The electric utility trade association weighs in with its usual blinders. Per the article, "Achieving efficiency improvements going significantly beyond those already in the pipeline will be a major undertaking," says Diane Munns, executive director at Edison Electric Institute.

Studies for EPA indicate the U.S. could support 65 gigawatts of new power by recycling industrial waste energy streams.  These wasted energy recycling projects all deliver power at less than the cost of any new central power generation and produce no incremental pollution, no CO2.  Why is it a 'major undertaking' to recycle industrial waste energy?

Studies for DOE indicate the U.S. could build 135 gigawatts of new combined heat and power (CHP)that recycles the byproduct thermal energy to displace boiler fuel and thus achieves at least twice the fossil efficiency of our aging electric-only generation fleet.  These CHP plants cost less to build than new coal plants, need no new transmission wires, burn half as much fuel, and provide savings to the hosts, making U.S. manufacturing more competitive.  Why is building doubly efficient CHP plants a 'major undertaking'?

Ken writes ".. energy conservation is critical -- as is the need for more controversial fuel sources. None of the ideas comes free of charge and energy conservation is no different. It necessitates new technologies and perhaps some government incentives."

Whoa!  What is the basis for stating that 'none of the ideas comes free of charge'?  This assumes the aging power system, largely designed and built during an era of falling real fuel prices and prior to global warming concerns is nonetheless economically optimal.  Amazing assumption!  Nothing we can do to change the electric system would come 'free of charge'.

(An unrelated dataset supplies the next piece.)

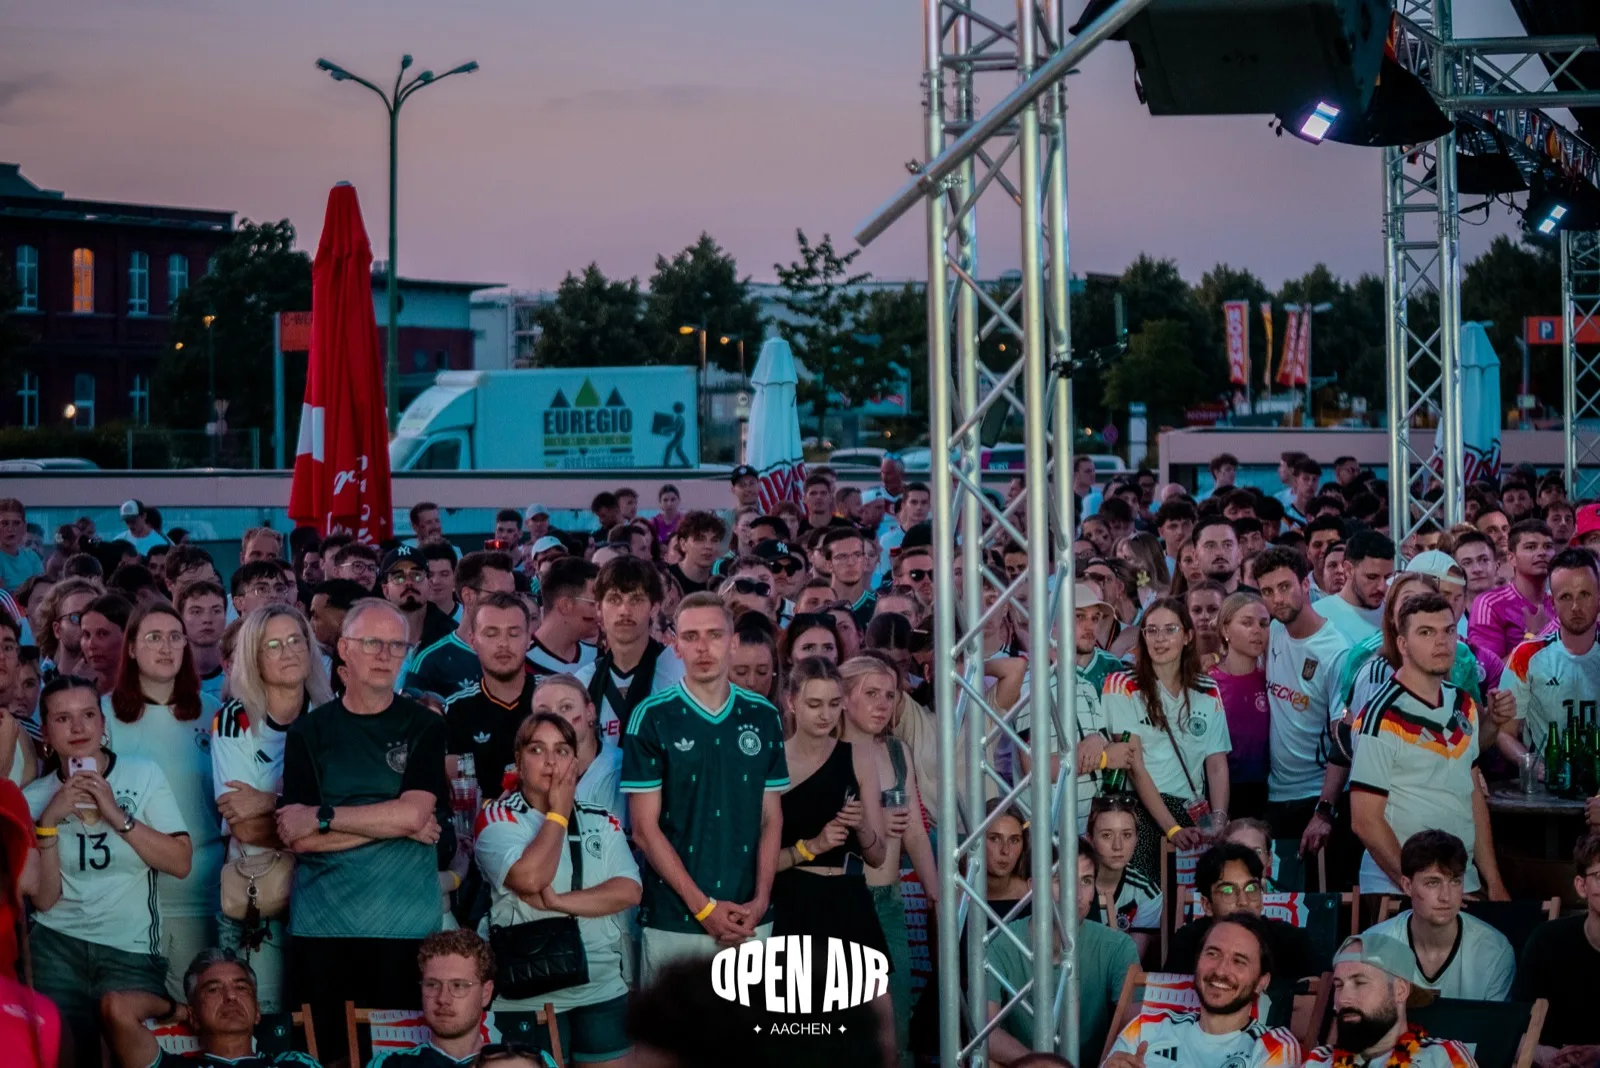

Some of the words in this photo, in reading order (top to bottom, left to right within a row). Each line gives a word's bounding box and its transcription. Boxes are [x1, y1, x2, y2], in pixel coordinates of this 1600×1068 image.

[1541, 322, 1552, 340] P
[543, 408, 633, 435] EUREGIO
[76, 831, 111, 871] 13

How long will we continue to ignore the elephant in the room?  Rules stack the deck against local generation that can recycle energy waste and double efficiency.  Utility commissions guarantee financial performance for new electric-only plants, and then allow the monopoly utilities to offer peanuts for new local generation.  The Clean Air Act gives old plants grandfather rights to pollute and makes new clean plants pay all the cost of cleaning the air.  Many other rules, designed by generation monopolies and enacted by compliant legislators, stack the deck against clean energy.  All of these rules  protect the elephant in the room - the 50-year stagnant efficiency of the entire electric system.

How long are we going to keep needlessly polluting the air by burning twice as much fuel as an optimal system, without demanding modern rules that will induce a building boom in profitable clean energy generation?

Tom Casten

member photo Thomas,

I have suggested that the overdue debate is Do customers need price price controls?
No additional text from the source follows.